It was good to meet up with Mike Ramchand and Phil Harman last week at the Oracle User Group where Phil was presenting a talk entitled “Virtualisation Fever”. The conversation turned to personal web sites. Mike advised me to get off Snipsnap because its resource implications are too costly. It should be noted that there are a number of additional weaknesses due to its age.  It is written in Java and while it has an extensibility framework, using it requires Java and possibly Groovy, and I code in neither. Snipsnap’s tagging capability is cumbersome, the blog index uses the storage names not the snip titles, and only the blog generates an RSS feed, which is limited to the last 10 entries.  There are other small problems I have with it getting it to do what I need. It needs Java 1.5 and 1.5 GB of RAM to run the backups. It’s a jetty server and one needs ssh access to the host to administer the service, that’s why I am running it on IaaS.

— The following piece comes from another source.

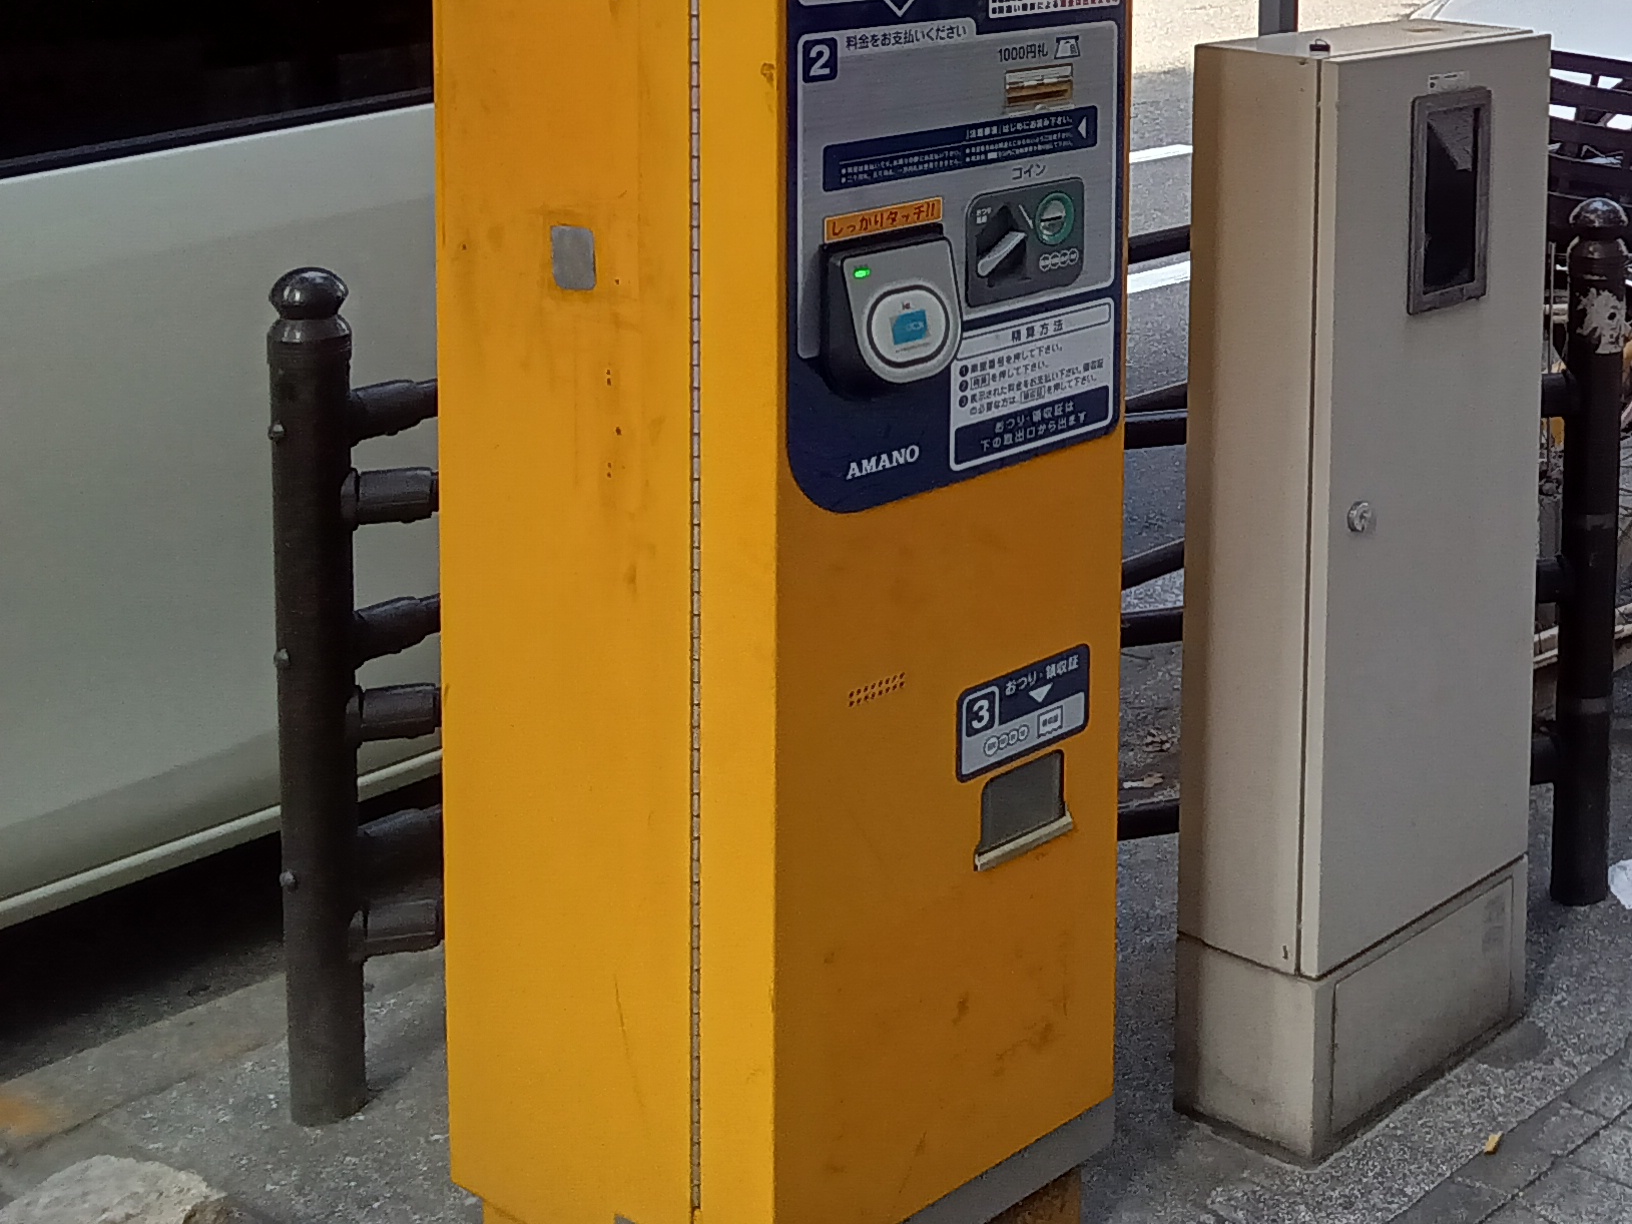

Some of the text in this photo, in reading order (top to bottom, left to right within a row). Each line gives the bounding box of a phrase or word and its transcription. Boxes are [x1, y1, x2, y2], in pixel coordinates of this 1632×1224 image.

Obviously I made the decision to move to move my blog to WordPress some time ago and so I really need to get to grips with making it do what I want. I have just ordered Hal Stern (and others’) Professional WordPress from Amazon. While thinking about what to do about the wiki, I looked at Ryan Barret’s blog, at snarfed.org, and he has moved his site from Snipsnap to WordPress. Ryan published a number of articles and scripts for snipsnap and says on his blog that he was real fan, so if he’s moved off, then I think I’ll follow him. I plan to use wordpress as my new wiki, I’ll install a second instance, one for the blog, and one for the wiki. Ryan has several scripts that I hope will be useful.